At Options Income Blueprint, we closed four more successful trades last week, earning $433 in income.
This brings our April total up to nine winners and $1,057 in cash generated at just halfway through the month.
That puts April on track to rival our most profitable month of 2021 so far — January, in which we earned $1,587 from our closed trades.
I want to look at one of last week’s closeouts in a bit more detail, because it contains a valuable lesson about patience.
While the Chewy, Intel and CVS Health positions were put selling trades, Twitter was a buy-write, also known as a covered call.
The vast majority of Options Income Blueprint trades are put sales, but I occasionally recommend a buy-write when there is an opportunity that’s too good to pass up. A buy-write involves buying shares of a particular stock and subsequently selling a call against them to bring in income.
On Feb. 16, I recommended members buy 100 shares of Twitter at $74.47 and sell a TWTR Feb Week Four (2/26) 75 Call for around $3.
The income we generated from the call sale immediately reduced our cost basis on the shares to $71.47.
Things looked promising out of the gate, as TWTR ran up. On Feb. 25, one day before our call was set to expire, the stock was trading well above the 75 strike price of the call we sold.
So, I recommended members roll the call up to the 76 strike and out one week to the March 5 expiration to capture more potential appreciation. We collected an additional $0.30 in premium for rolling the call, lowering our cost basis to $71.17.
Unfortunaletly, shares topped out shortly therafter and the stock turned sharply lower along with the broader tech sector.
With expiration nearing and the stock trading well below our new strike, I recommended members roll to the TWTR Mar Week Two (3/12) 71 Call for around $1.60. This reduced our appreciation potential but also lowered our cost basis significantly to $69.57 per share.

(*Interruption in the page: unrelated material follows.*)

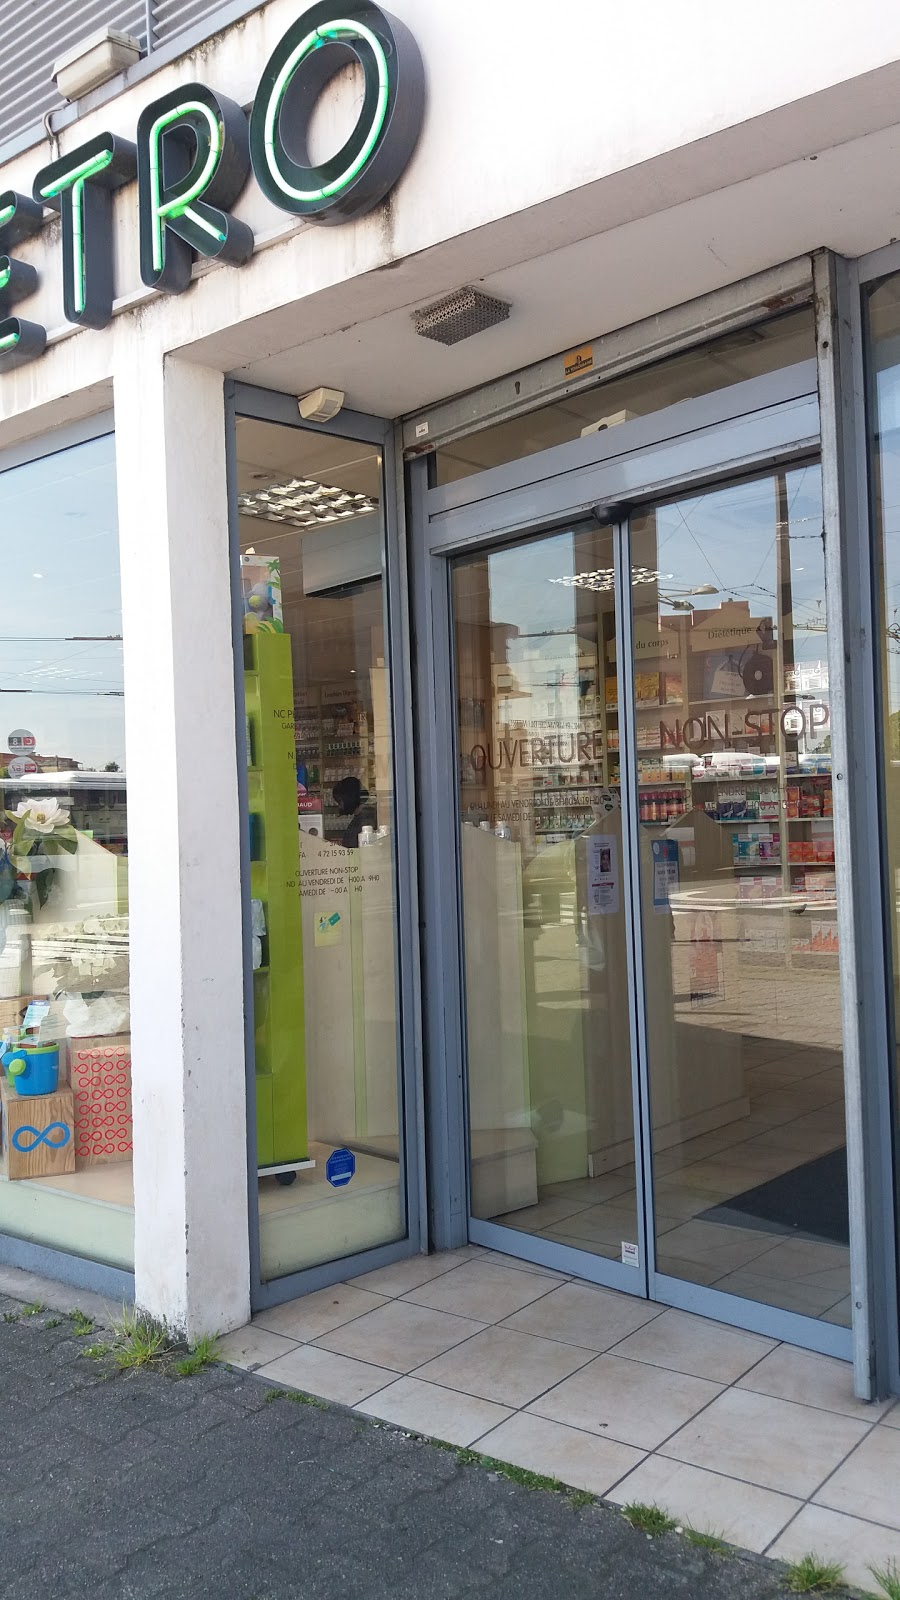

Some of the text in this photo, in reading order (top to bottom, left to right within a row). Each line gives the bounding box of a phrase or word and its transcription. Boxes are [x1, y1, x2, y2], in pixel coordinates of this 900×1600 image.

As the stock struggled throughout the month of March, we continued to roll our call for more income to lower our cost basis on shares.

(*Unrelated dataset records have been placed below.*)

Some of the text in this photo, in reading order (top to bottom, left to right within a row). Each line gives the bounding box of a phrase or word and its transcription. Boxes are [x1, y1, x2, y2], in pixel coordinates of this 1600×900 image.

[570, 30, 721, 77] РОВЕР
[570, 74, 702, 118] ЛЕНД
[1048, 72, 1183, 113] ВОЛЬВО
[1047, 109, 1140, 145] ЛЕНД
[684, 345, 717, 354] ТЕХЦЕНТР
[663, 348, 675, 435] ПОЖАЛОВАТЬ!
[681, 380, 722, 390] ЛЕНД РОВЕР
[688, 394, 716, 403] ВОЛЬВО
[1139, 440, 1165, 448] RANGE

In total, we rolled the position seven times over a two-month period, reducing our cost basis to $65.83.
Our active trade management was well rewarded. On Friday, our TWTR shares we called away at $68. We earned a profit of $2.17, or $217 per 100 shares. That works out to a 2.9% rate of return in 60 days over our initial cost to purchase shares, or 18% on an annualized basis. Not bad for a position that was deep underwater less than a month ago!
My point is that it pays to be patient. I refuse to take a loss on position when I can manage my way to breakeven or profitability. And so should you!